■ **EXERCISE DESCRIPTION**
Return all of the entries exactly, but do not include the pictures.
*** LISTED ENTRIES Section Begins ***
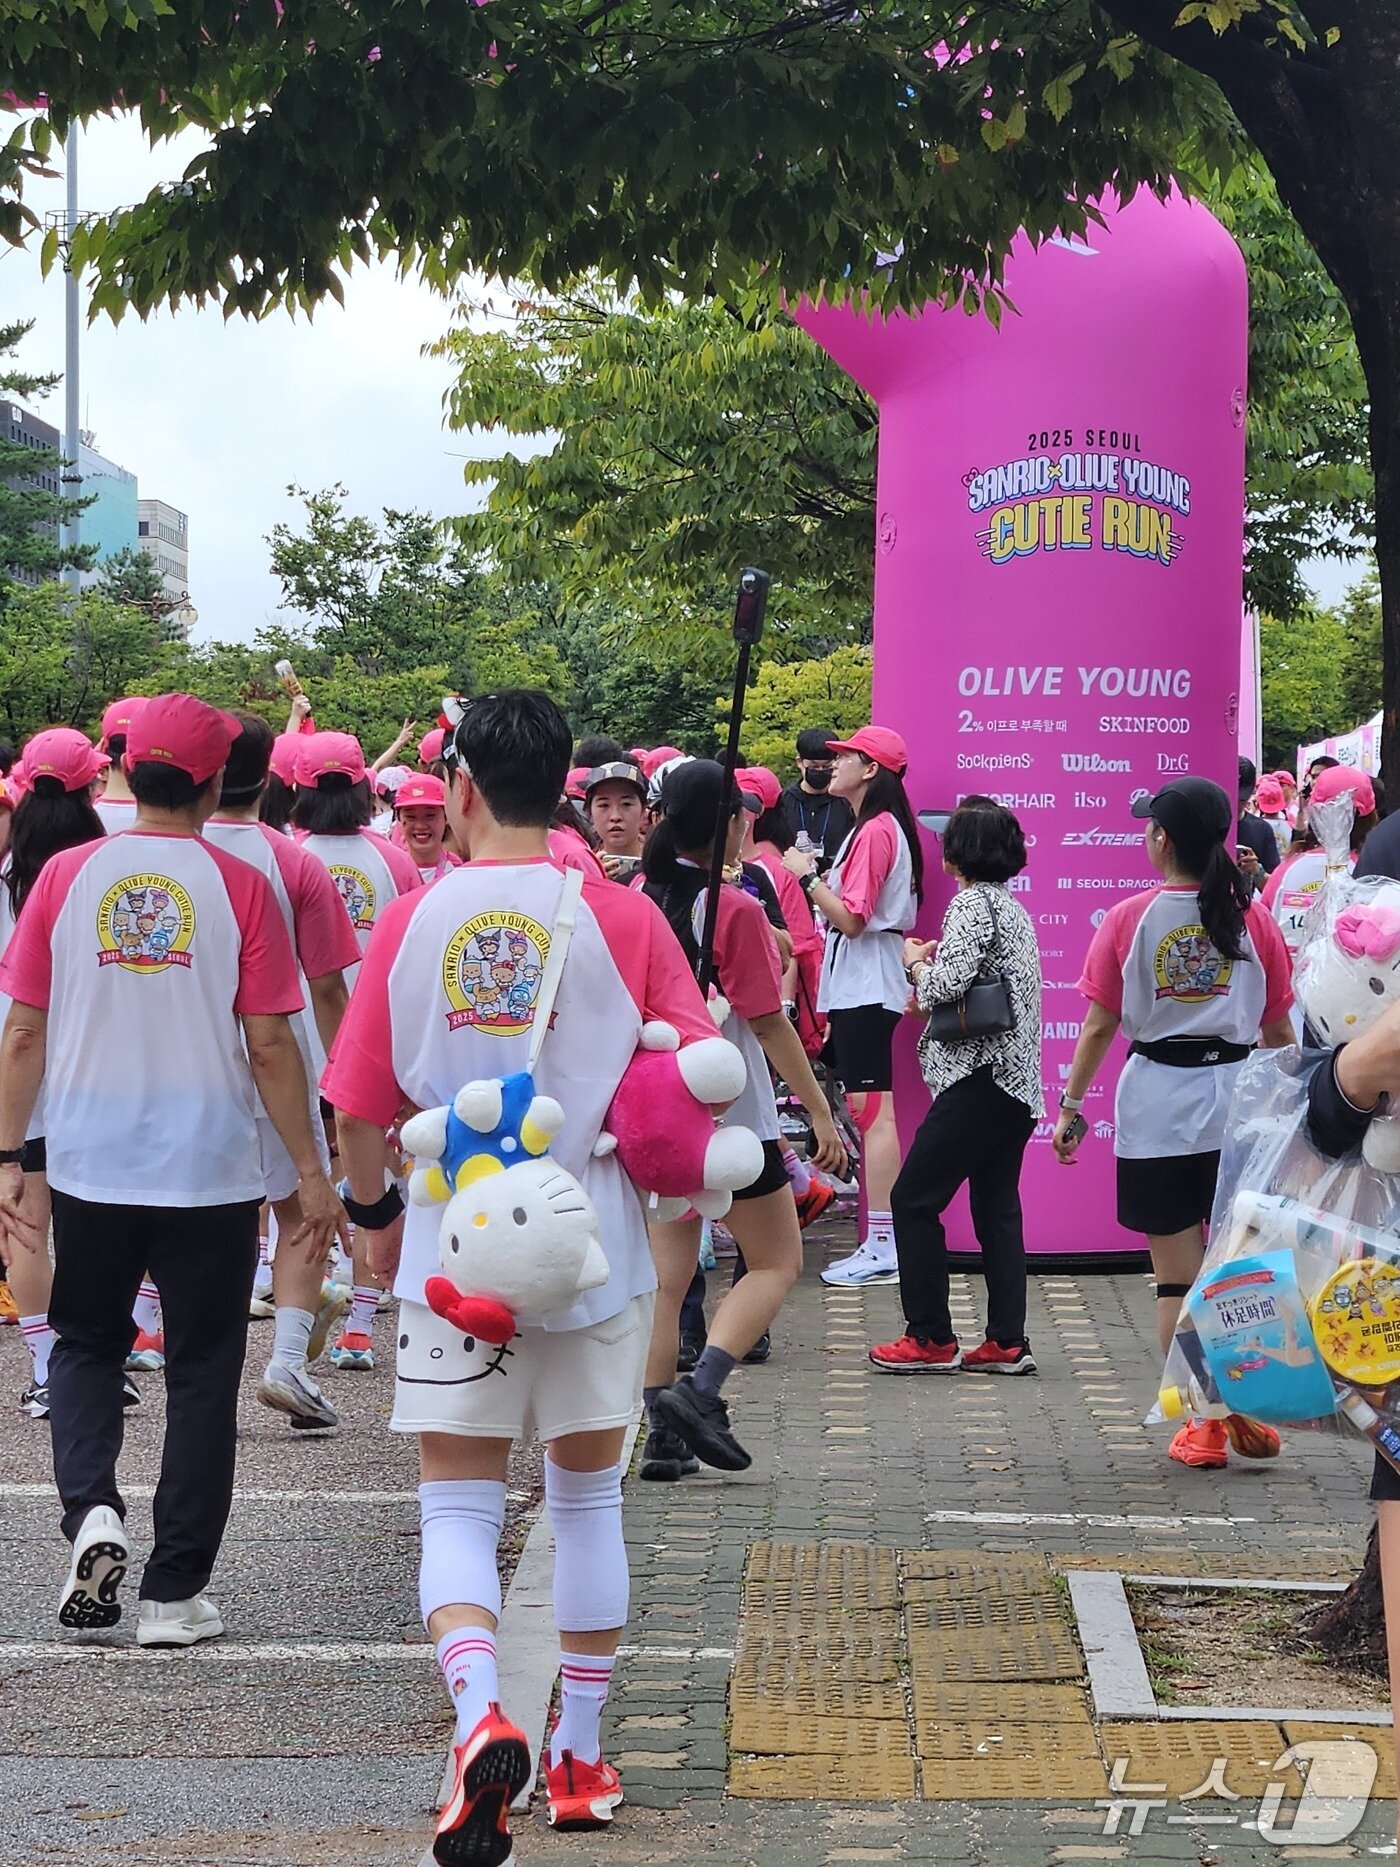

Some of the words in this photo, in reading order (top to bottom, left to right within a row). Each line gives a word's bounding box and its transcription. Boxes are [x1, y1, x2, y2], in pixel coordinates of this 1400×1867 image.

[1028, 429, 1074, 451] 2025
[1085, 430, 1142, 453] SEOUL
[968, 455, 1051, 513] SANRIO
[1059, 452, 1120, 492] OLIVE
[1122, 457, 1190, 516] YOUNG
[990, 496, 1093, 565] CUTIE
[1102, 496, 1172, 566] RUN
[958, 666, 1063, 696] OLIVE
[1078, 667, 1191, 698] YOUNG
[958, 709, 984, 732] 2%
[987, 720, 1019, 732] 이프로
[1099, 716, 1190, 733] SKINFOOD
[1061, 753, 1133, 772] Wilson
[1157, 753, 1189, 771] Dr.G
[1074, 792, 1107, 808] ilso
[1061, 827, 1146, 845] EXTREME
[1076, 879, 1115, 889] SEOUL
[100, 896, 114, 932] SANRIO
[147, 876, 177, 892] YOUNG
[174, 890, 191, 913] CUTIE
[1039, 914, 1069, 925] CITY
[168, 953, 189, 964] SEOUL
[446, 944, 461, 988] SANRIO
[500, 914, 535, 933] YOUNG
[452, 1010, 474, 1025] 2025
[1221, 1299, 1276, 1328] 休足時間
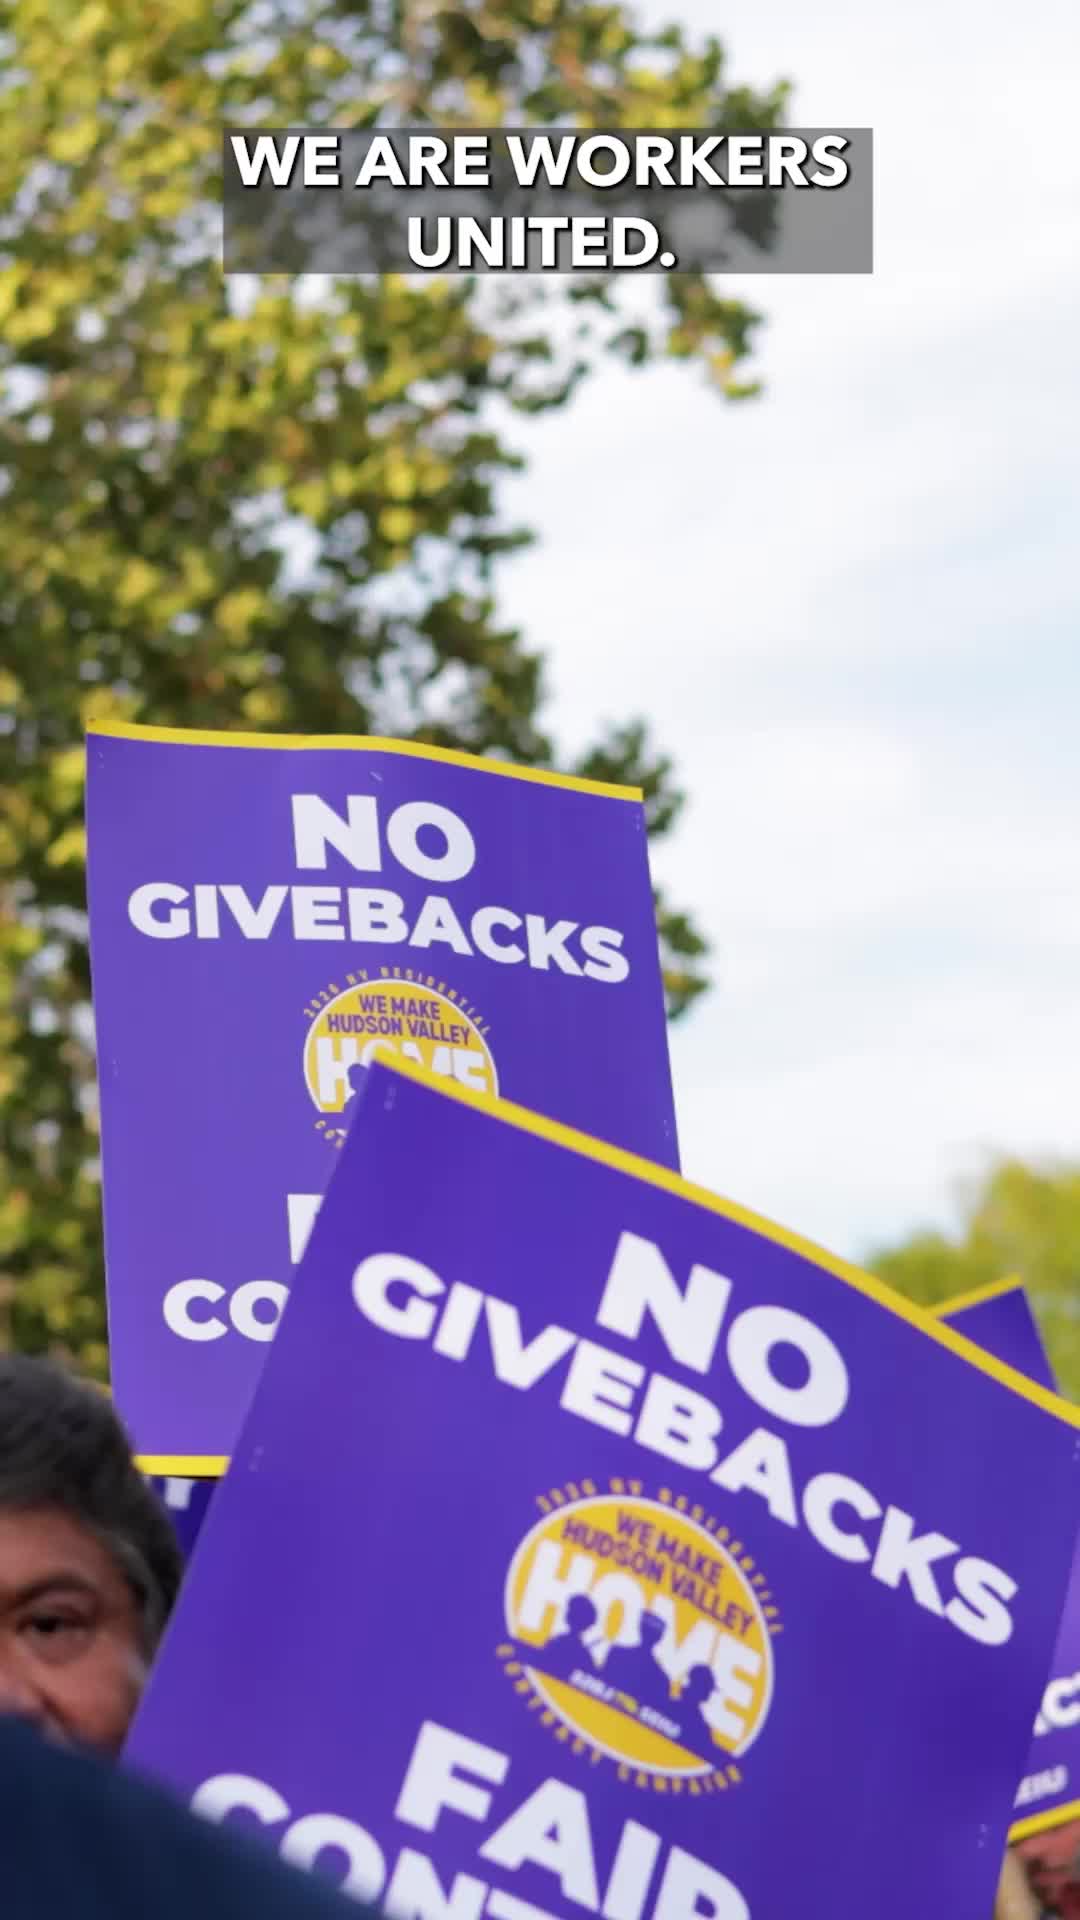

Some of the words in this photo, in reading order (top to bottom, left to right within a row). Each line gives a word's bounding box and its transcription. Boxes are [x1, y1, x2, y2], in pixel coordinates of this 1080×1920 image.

[291, 794, 476, 882] NO
[128, 882, 630, 983] GIVEBACKS
[327, 1014, 403, 1037] HUDSON
[406, 1018, 471, 1047] VALLEY
[357, 994, 387, 1014] WE
[390, 996, 441, 1021] MAKE
[596, 1230, 849, 1427] NO
[352, 1253, 1018, 1646] GIVEBACKS
[561, 1517, 665, 1584] HUDSON
[671, 1566, 757, 1638] VALLEY
[616, 1509, 654, 1547] WE
[656, 1530, 723, 1587] MAKE
*** LISTED ENTRIES Section Ends ***
■ **ANSWER FOR THE TASK**
Some of the words in this photo, in reading order (top to bottom, left to right within a row). Each line gives a word's bounding box and its transcription. Boxes are [x1, y1, x2, y2], in pixel coordinates of this 1400×1867 image.

[1028, 429, 1074, 451] 2025
[1085, 430, 1142, 453] SEOUL
[968, 455, 1051, 513] SANRIO
[1059, 452, 1120, 492] OLIVE
[1122, 457, 1190, 516] YOUNG
[990, 496, 1093, 565] CUTIE
[1102, 496, 1172, 566] RUN
[958, 666, 1063, 696] OLIVE
[1078, 667, 1191, 698] YOUNG
[958, 709, 984, 732] 2%
[987, 720, 1019, 732] 이프로
[1099, 716, 1190, 733] SKINFOOD
[1061, 753, 1133, 772] Wilson
[1157, 753, 1189, 771] Dr.G
[1074, 792, 1107, 808] ilso
[1061, 827, 1146, 845] EXTREME
[1076, 879, 1115, 889] SEOUL
[100, 896, 114, 932] SANRIO
[147, 876, 177, 892] YOUNG
[174, 890, 191, 913] CUTIE
[1039, 914, 1069, 925] CITY
[168, 953, 189, 964] SEOUL
[446, 944, 461, 988] SANRIO
[500, 914, 535, 933] YOUNG
[452, 1010, 474, 1025] 2025
[1221, 1299, 1276, 1328] 休足時間

Some of the words in this photo, in reading order (top to bottom, left to right within a row). Each line gives a word's bounding box and its transcription. Boxes are [x1, y1, x2, y2], in pixel coordinates of this 1080×1920 image.

[291, 794, 476, 882] NO
[128, 882, 630, 983] GIVEBACKS
[327, 1014, 403, 1037] HUDSON
[406, 1018, 471, 1047] VALLEY
[357, 994, 387, 1014] WE
[390, 996, 441, 1021] MAKE
[596, 1230, 849, 1427] NO
[352, 1253, 1018, 1646] GIVEBACKS
[561, 1517, 665, 1584] HUDSON
[671, 1566, 757, 1638] VALLEY
[616, 1509, 654, 1547] WE
[656, 1530, 723, 1587] MAKE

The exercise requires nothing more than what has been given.